Ella Morris
- First Edition
- Author: John David Morley
- Language: English
- Genre: Fiction, Philosophical
- Publisher: Weidenfeld & Nicolson
- Publication date: September 25, 2014
- Media type: Print (Paperback) & ebook
- Pages: 948 pp
- ISBN: 978-0-29-787172-9

= Ella Morris (novel) =

Novel by John David Morley

Ella Morris is the tenth novel by John David Morley, a story of Europe, about the calamities which befell the continent in the 20th century. The book's focus is the Morris family: its matriarch Ella; her husband George, a British civil servant of Hungarian descent; her lover Claude de Marsay, a French student ten years her junior whom she meets in Paris; and Ella's four children, all of whom must navigate a world still scarred by the legacy of the Second World War.

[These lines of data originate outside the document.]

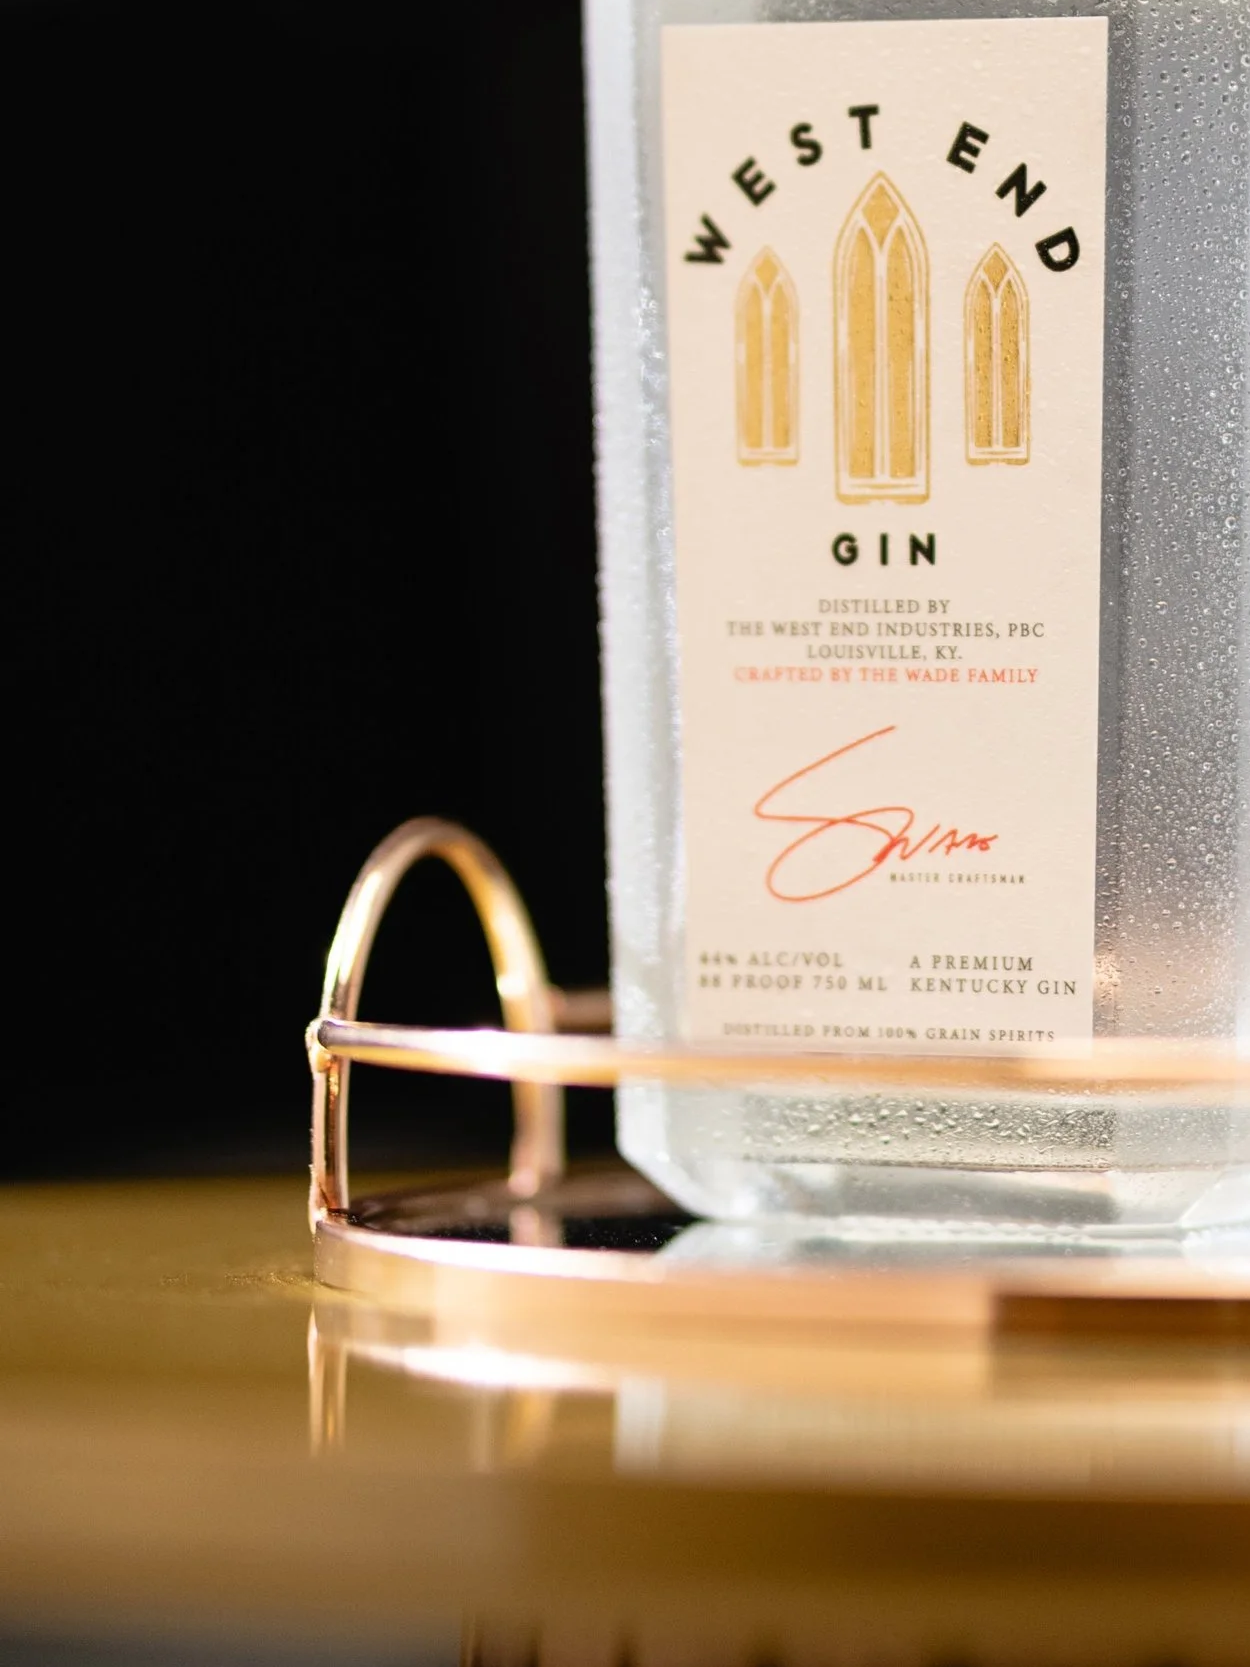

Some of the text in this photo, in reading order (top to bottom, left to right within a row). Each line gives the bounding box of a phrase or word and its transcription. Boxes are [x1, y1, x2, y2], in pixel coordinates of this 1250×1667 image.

[684, 103, 1081, 273] WEST END
[831, 532, 937, 566] GIN
[818, 599, 950, 614] DISTILLED BY
[727, 621, 1045, 640] THE WEST END INDUSTRIES, PBC
[807, 645, 963, 661] LOUISVILLE, KY.
[733, 666, 1039, 684] CRAFTED BY THE WADE FAMILY
[890, 872, 1026, 885] MASTER CRAFTSMAN
[748, 951, 844, 969] ALC/VOL
[910, 955, 1034, 972] A PREMIUM
[732, 975, 804, 990] PROOF
[813, 975, 848, 991] 750
[858, 976, 889, 992] ML
[910, 979, 1078, 996] KENTUCKY GIN
[723, 1022, 1055, 1043] DISTILLED FROM 100% GRAIN SPIRITS

Born in Berlin on the eve of Hitler's rise to power, Ella Andrzejewski was seventeen years old when she was caught up in the advance of the Red Army in 1945. A victim of Russian violence, her plight is echoed decades later by the fate of Nadine, an Austrian woman of Albanian descent whom Ella's son Alex meets during the course of the Balkan war, and with whom he subsequently falls in love.

==Summary==

After a happy childhood in her grandmother's house, young Ella Andrzejewski becomes one of the millions of refugees displaced by the Second World War. She escapes to England, marries George Morris and has three children with him, a fourth by Claude de Marsay. The ménage-à-trois established in the London years remains intact after the Morris family moves to Tenerife. Ella works in local government for the department of the environment and George writes thrillers based on his early career at the Foreign Office and MI6. After an assignment in Japan that separates him from Ella for six years, Claude returns to teach at the island university.

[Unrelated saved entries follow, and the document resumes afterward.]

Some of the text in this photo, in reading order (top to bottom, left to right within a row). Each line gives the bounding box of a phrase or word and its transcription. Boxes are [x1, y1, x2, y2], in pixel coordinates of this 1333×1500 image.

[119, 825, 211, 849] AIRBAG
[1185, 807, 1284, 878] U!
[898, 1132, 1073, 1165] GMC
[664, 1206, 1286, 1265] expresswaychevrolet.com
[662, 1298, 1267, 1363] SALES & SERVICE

A second intermittent narrative beginning in the 1990s meanwhile follows the career of Alex, Ella's son by Claude, as a journalist in the former Yugoslavia. A third narrative interlaced with the first two explores the life of Max, Ella's eldest son by George. With Ella as the pivot and ultimate focus of these three interwoven narratives, moving between war and peace zones at different times in different places, the novel that begins as a family saga becomes increasingly a meditation on environmental collapse. Above all, Ella Morris is the portrait of a woman's survival of the troubled times she lives in without surrendering the commitment to humanity she regards as her personal responsibility.

==Reception==

Writing in The Times, Kate Saunders acclaimed Ella Morris as an epic of our times: “This isn’t just big, it’s gigantic. It’s a third of Proust and only a few pages short of War and Peace. Ella Morris had to be this length, however, to fit John David Morley’s ambitious vision, a complex, fascinating family saga, set against the equally complex history of the 20th century… The pace of this epic is stately yet never too slow; the sheer scale of the thing is breathtaking.” Tribune proclaimed the novel “little short of a masterpiece… This Tolstoyan work takes us into the heart of what it means to be both English and European in the 20th Century."